City's reaction to rail report is harshly critical
BY John Cox Californian staff writer jcox@bakersfield.com
City staffers this week blasted a draft environmental review of the state's high-speed rail project.
The criticism essentially previews Bakersfield's official response to the 3,300 page document.
Complaints listed in a new administrative report target what City Manager Alan Tandy called an "irresponsible" failure by the review to discuss potential mitigation efforts for the rail line, if it is built here.
The High-Speed Rail authority's document includes proposals that the city asserts will impact local transportation projects, convention center parking and the city corporation yard along Truxtun Avenue -- a large fleet operations facility staff valued at $150 million.
Although many of the city's concerns have been raised in earlier staff communications, Bakersfield's new report contains what may be the most detailed and cohesive project comments to date.
The city's administrative report is also notable in that its generally negative tone contrasts with the cooperative approach county and other local officials have adopted as they lobby the California High-Speed Rail Authority for a bullet train maintenance facility in Shafter or Wasco.

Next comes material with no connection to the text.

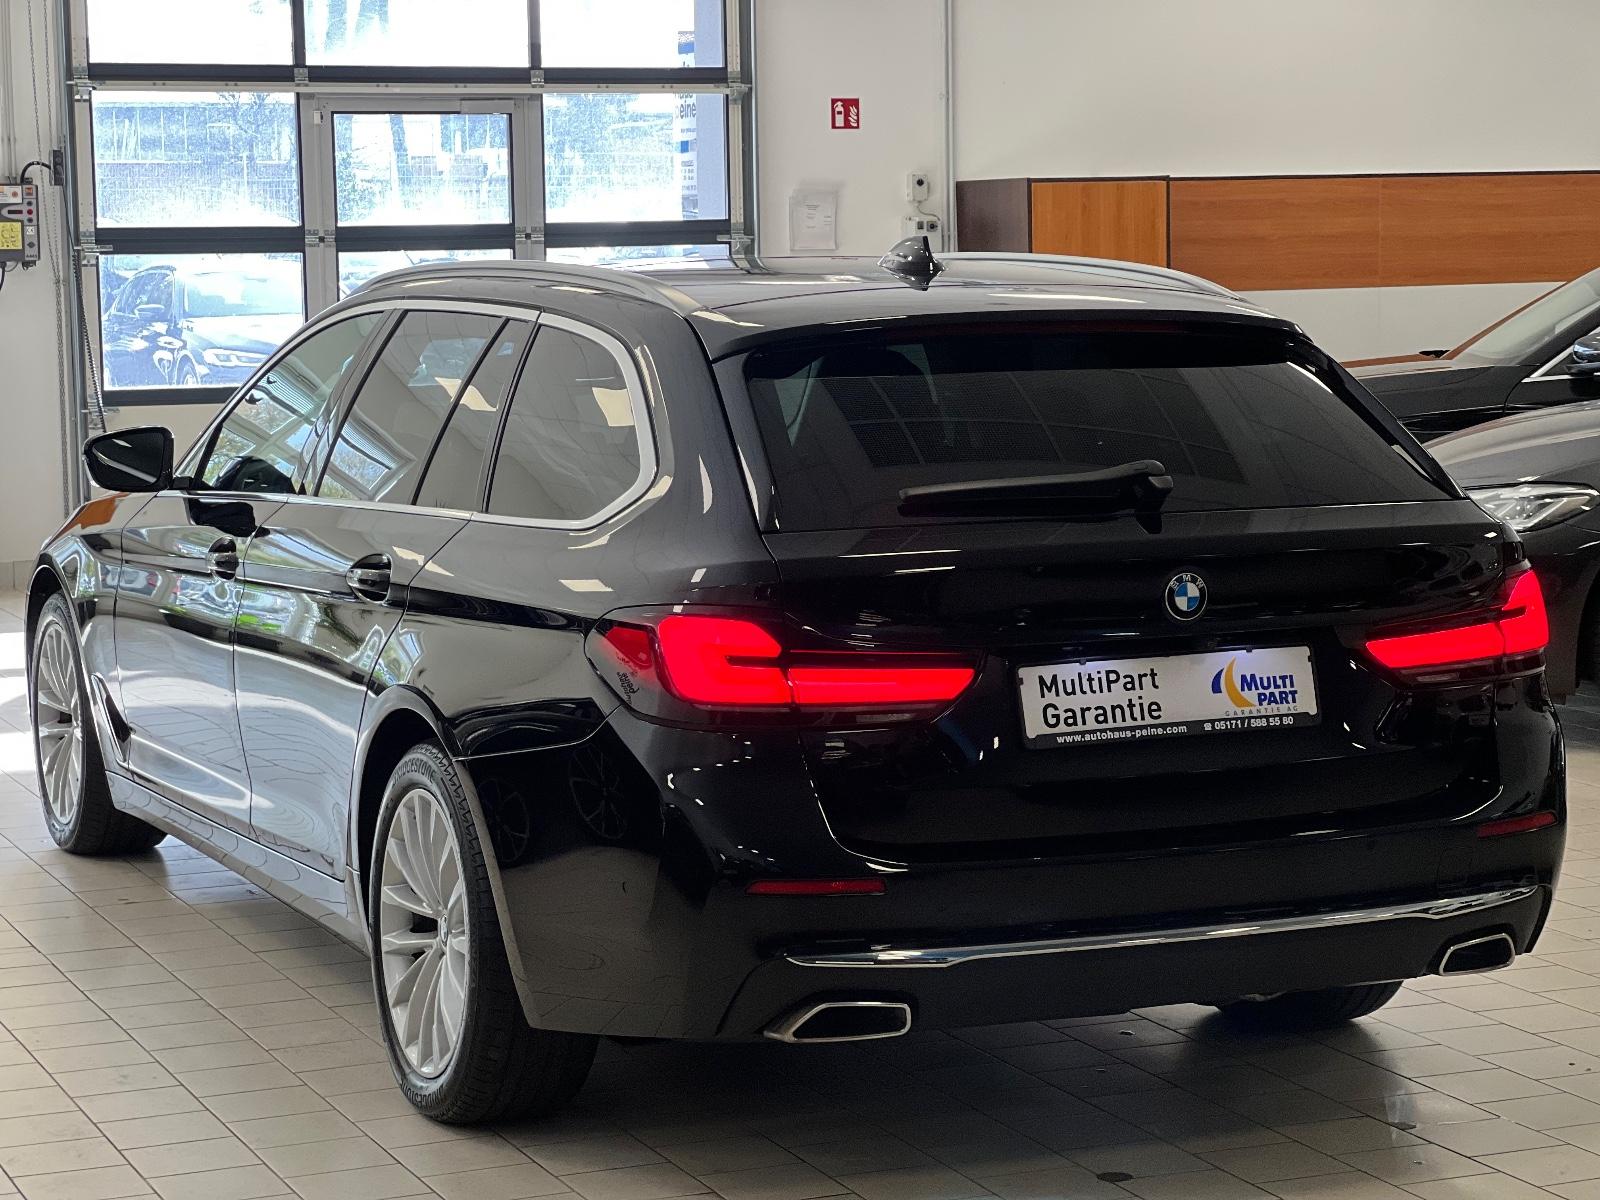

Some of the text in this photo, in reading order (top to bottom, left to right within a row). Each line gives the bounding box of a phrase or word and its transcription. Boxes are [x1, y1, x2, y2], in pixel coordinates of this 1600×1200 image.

A spokeswoman for the rail authority could not be reached for comment Thursday afternoon.
The city expects to submit a formal response to the draft review by Oct. 13, even as staff are pushing to have that deadline extended by 30 days because of the document's complexity. Originally the deadline was to be Sept. 28 but project officials agreed to give the public more time to review what they acknowledged was a complex report.
Sweeping criticism
The city report, written by Planning Director Jim Eggert, calls the draft review "poorly constructed," technically "indecipherable" to most people and dismissive of comments made by city staff in meetings with representatives of the rail authority.
Eggert's report says that the state review fails to specify which public and private properties would be affected by competing train route options. It also takes issue with the fact that only one written copy of the draft review was provided for all of metropolitan Bakersfield, an area populated by half a million people.
"This is a lengthy and complicated report that is extremely difficult to review on a computer screen," the report states.
Both the Westside Parkway and the Centennial Corridor transportation projects could be significantly impacted by the project, the city report says. It notes that the the South Mill Creek apartment development could also be impacted, as could part of Bakersfield High School, Mercado Latino and Mercy Hospital.
The staff report also reiterates complaints that the environmental review does not fully address potential impacts to east Bakersfield, which the rail authority has said will be addressed more fully in a review expected out in about year, even though a decision is due next spring that would largely dictate the impact on neighborhoods east of downtown.
Tandy said he has heard recently from local residents who cannot tell from the environmental review whether their property will be affected by the rail project.
"One guy's property was permanently impacted ... and he had no idea why," the city manager said.
The environmental review, released last month, covers the project's proposed first leg, planned to begin construction late next year between Merced and Bakersfeld. By 2020, the project is proposed to link Anaheim with San Francisco with trains traveling as fast at 220 mph.